Acórdãos STA

Acórdão do Supremo Tribunal Administrativo
Processo:0391/15
Data do Acordão:05/06/2015
Tribunal:2 SECÇÃO
Relator:FRANCISCO ROTHES
Descritores:CONFLITO NEGATIVO DE COMPETÊNCIA
COMPETÊNCIA EM RAZÃO DO TERRITÓRIO
Sumário:I - Os conflitos em matéria de competência relativa resolvem-se, em princípio, pela via do art. 105.º, n.º 2, conjugado com o art. 625.º, ambos do CPC.
II - Assim, a contradição entre duas decisões judiciais, transitadas em julgado, proferidas no âmbito do mesmo processo sobre a questão da competência do tribunal em razão do território para o conhecimento desse processo resolve-se ope legis pela prevalência da primeira decisão.
Nº Convencional:JSTA000P18979
Nº do Documento:SA2201505060391
Data de Entrada:03/31/2015
Recorrente:MINISTÉRIO PÚBLICO
Recorrido 1:TAF DO PORTO E TAF DE PENAFIEL
Votação:UNANIMIDADE
Aditamento:
Texto Integral: Conflito negativo de competência em razão do território no processo de impugnação judicial com o n.º 2703/13.BEPRT

1. RELATÓRIO

1.1 O Representante do Ministério Público junto do Supremo Tribunal Administrativo veio requerer a este Tribunal a resolução do conflito negativo de competência, em razão do território, entre o Tribunal Administrativo e Fiscal do Porto e o Tribunal Administrativo e Fiscal de Penafiel para decidir a oposição que A………………… (a seguir Oponente) deduziu no Tribunal Administrativo e Fiscal do Porto à execução fiscal que, instaurada contra uma sociedade para cobrança de dívida de Imposto sobre o Valor Acrescentado, reverteu contra ele por ter sido considerado responsável subsidiário pela mesma.
Alega, em síntese, que ambos os Tribunais se declaram incompetentes em razão do território para conhecer da referida oposição, atribuindo-se reciprocamente essa competência, tendo as respectivas decisões transitado em julgado, motivo por que se impõe dirimir o conflito negativo de competência.

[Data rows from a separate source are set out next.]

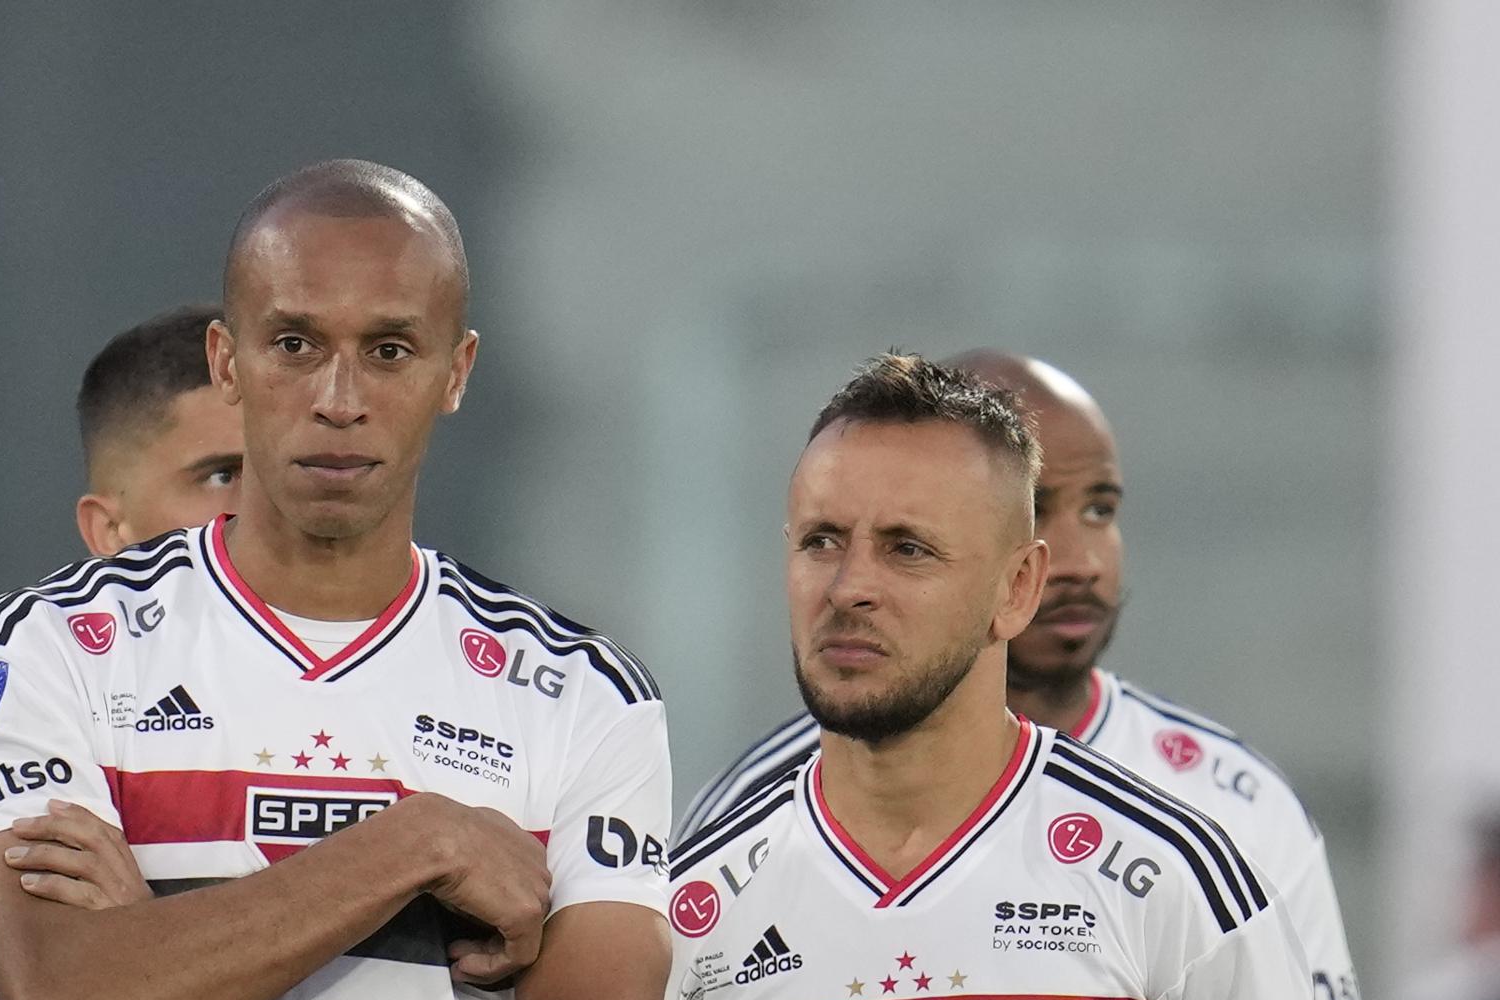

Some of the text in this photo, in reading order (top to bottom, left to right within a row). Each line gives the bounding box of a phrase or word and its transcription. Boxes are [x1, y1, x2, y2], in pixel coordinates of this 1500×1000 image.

[119, 599, 166, 638] LG
[507, 649, 567, 699] LG
[135, 714, 214, 732] adidas
[412, 747, 430, 762] by
[413, 735, 512, 773] FAN TOKEN
[719, 837, 770, 897] LG
[1097, 839, 1162, 899] LG
[992, 937, 1012, 952] by
[994, 924, 1031, 935] FAN
[734, 953, 804, 985] adidas
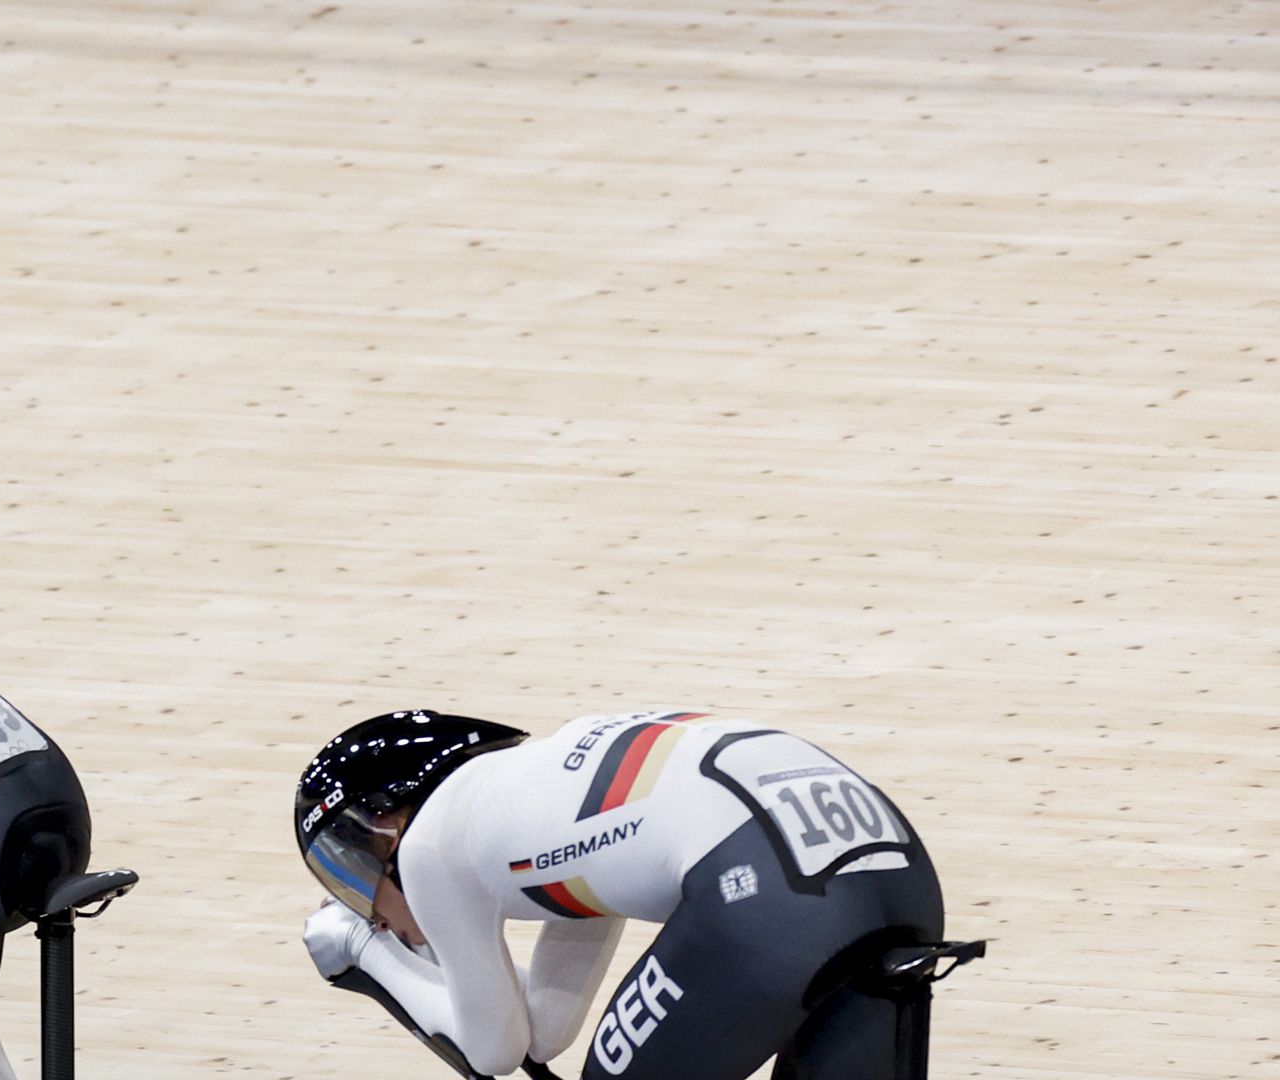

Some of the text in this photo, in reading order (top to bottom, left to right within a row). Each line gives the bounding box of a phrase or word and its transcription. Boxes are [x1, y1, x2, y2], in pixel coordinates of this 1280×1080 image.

1.2 Recebidos os autos neste Supremo Tribunal Administrativo, foi ordenada a notificação do Oponente e da Fazenda Pública para, querendo, se pronunciarem e ambos se mantiveram silentes.

1.3 Dispensaram-se os vistos dos Conselheiros Adjuntos, dada a simplicidade da questão.

1.4 Cumpre apreciar e decidir em conferência, tendo em conta que a alínea g) do n.º 1 do art. 26.º do Estatuto dos Tribunais Administrativos e Fiscais (ETAF) atribui à Secção de Contencioso Tributário do Supremo Tribunal Administrativo a competência para conhecer “Dos conflitos de competência entre tribunais tributários”, regra esta que, sendo especial, afasta a aplicação da regra geral hoje contida no n.º 2 do art. 110.º (anterior art. 116.º) do Código de Processo Civil (CPC), nos termos da qual “Os conflitos de competência são solucionados pelo presidente do tribunal de menor categoria que exerça jurisdição sobre as autoridades em conflito”.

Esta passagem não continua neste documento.